As E. P. Thompson argues in The Making of the English Working Class, from the perspective of the workers the entrepreneurs who adopted the new methods and machine, and thereby undercut their smaller competitors, were acting unethically. For they were enriching themselves–often enormously–at the expense of entire communities. What moral code or table of values, the protesters were asking, justifies sacrificing so much and so many for the material prosperity of so few? A letter (written presumably by someone from the middle or upper classes) to the home secretary Lord Melbourne at the time of the Swing riots raises a similar question with respect to the introduction of threshing machines:
“can any excuse be offered for men who are so deaf to humanity & blind to their own permanent interest as to substitute Horse power for manual labour & leave the population born on the soil to subsist on a miserable pittance in idleness or unproductively employed on the roads.”[2]
At bottom, the issue is whether market forces alone should determine economic outcomes (what happens in the areas of production, employment, distribution, and consumption), or whether they should be trammeled by government in the public interest.
There are two standard responses to the question raised: one appeals to utility and efficiency, the other to individual rights.
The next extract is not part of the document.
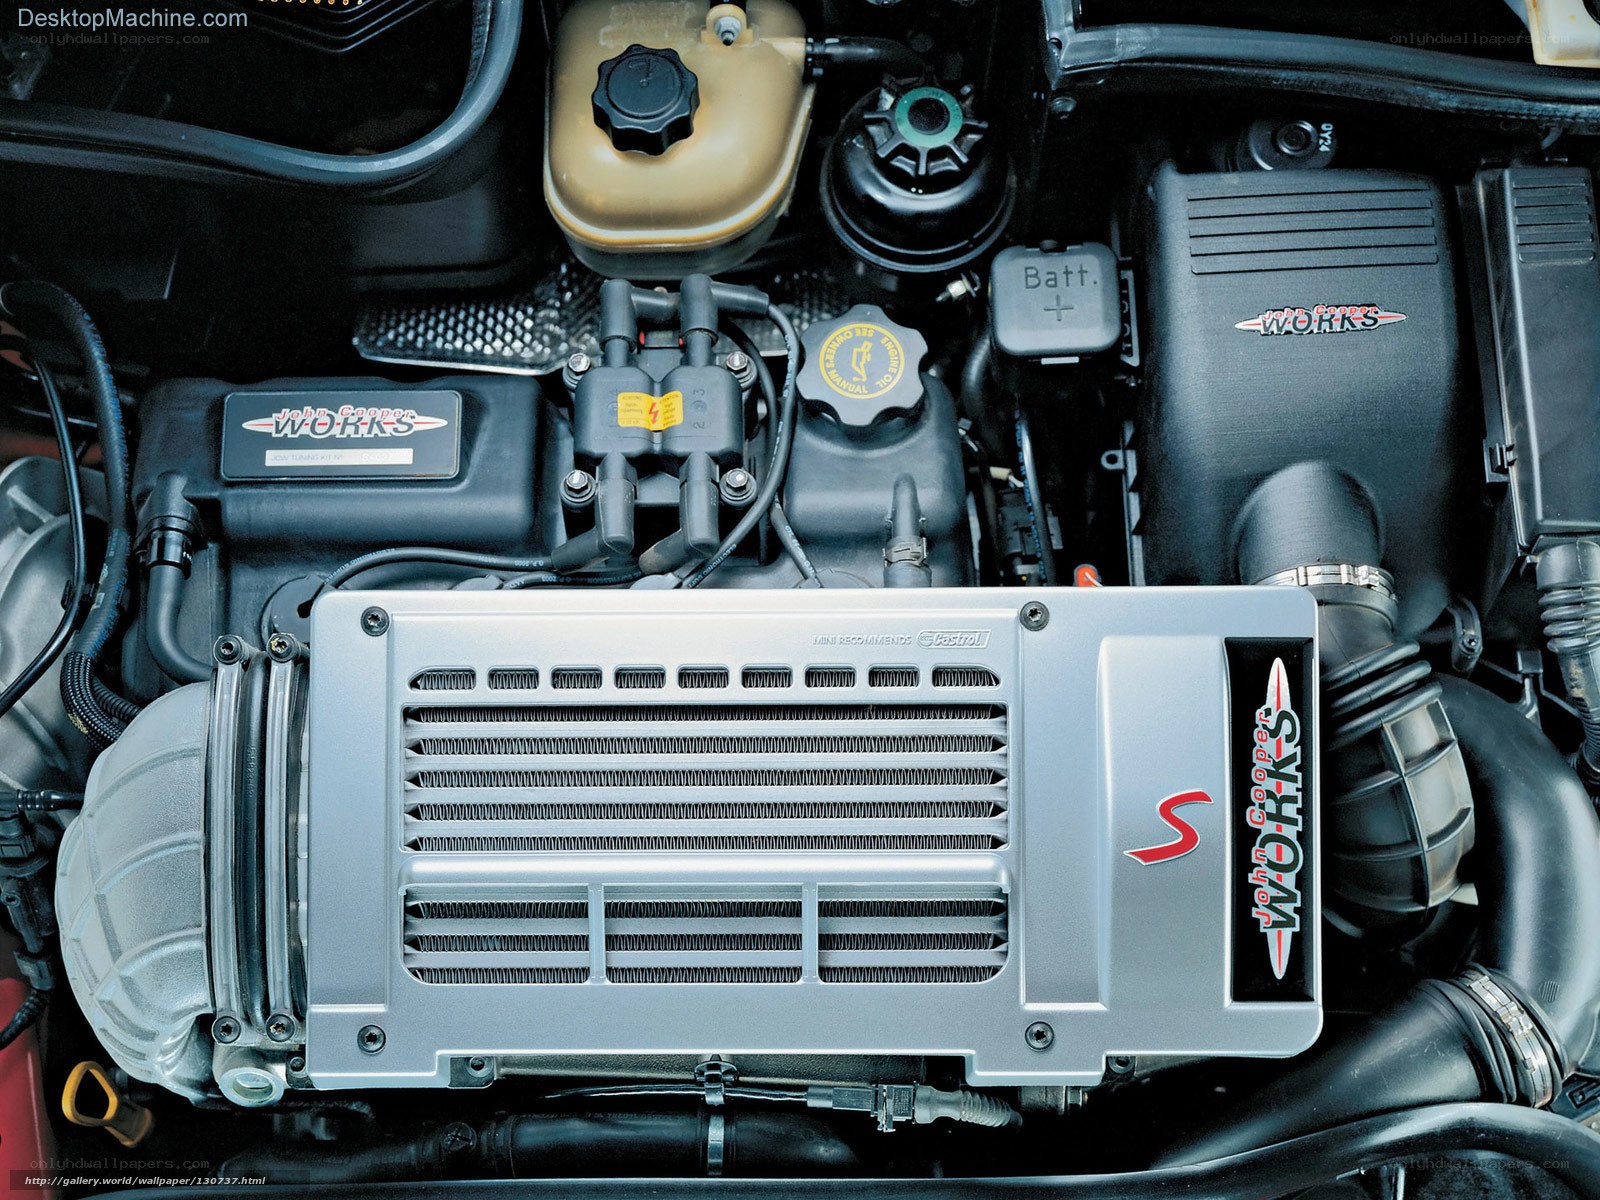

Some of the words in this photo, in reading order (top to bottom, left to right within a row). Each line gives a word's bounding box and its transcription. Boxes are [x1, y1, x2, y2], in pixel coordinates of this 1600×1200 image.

- The argument from utility. This derives from Adam Smith’s The Wealth of Nations (published in 1776). It claims that freely operating market forces will ultimately produce the best outcomes for all: technological innovation, efficiency in production, lower costs to consumers, and a dynamic economy, leading to general prosperity.
- The argument from individual rights. This rests on a particular moral axiom–the claim that individuals should be free to do whatever they please just so long as they don’t violate anyone else’s rights. It is a fundamental principle of the sort of libertarianism associated in more recent times with Ayn Rand.
Both in the early 19th century and today, defenders of laissez faire political economy often move back and forth between these two kinds of reasoning. Given the appalling situation of so many factory workers and agricultural labourers in early 19th century Britain, the argument from utility must have seemed like a bad joke to many at the time. But defenders of the system–who of course typically belonged to the class that benefited most from the system–could then fall back on the rights-based argument, appealing to the right of any entrepreneur to operate their business free from outside interference, hiring, firing, paying, pricing, and innovating as they saw fit. Workers who sought to continue the debate on this turf would learn that the rights in question did not, as it happens, include the right to a “fair” wage, the right to job security, or the right to not starve.
Today, the rights-based argument is still deployed, but rarely embraced to the full. Most people support laws requiring a minimum wage, safe working conditions, professional qualifications, product safety, truth in advertising, and so on. Even Republicans who like to repeat Ronald Reagan’s claim that government is not the solution to our problems but is itself the problem do not seriously entertain scrapping all government oversight and intervention in such areas. The argument based on long-term utility, on the other hand, is widely accepted. The free enterprise system is generally viewed as the principal engine driving the constant technological innovation that characterizes modernity and which has raised living standards for whole populations in most parts of the world.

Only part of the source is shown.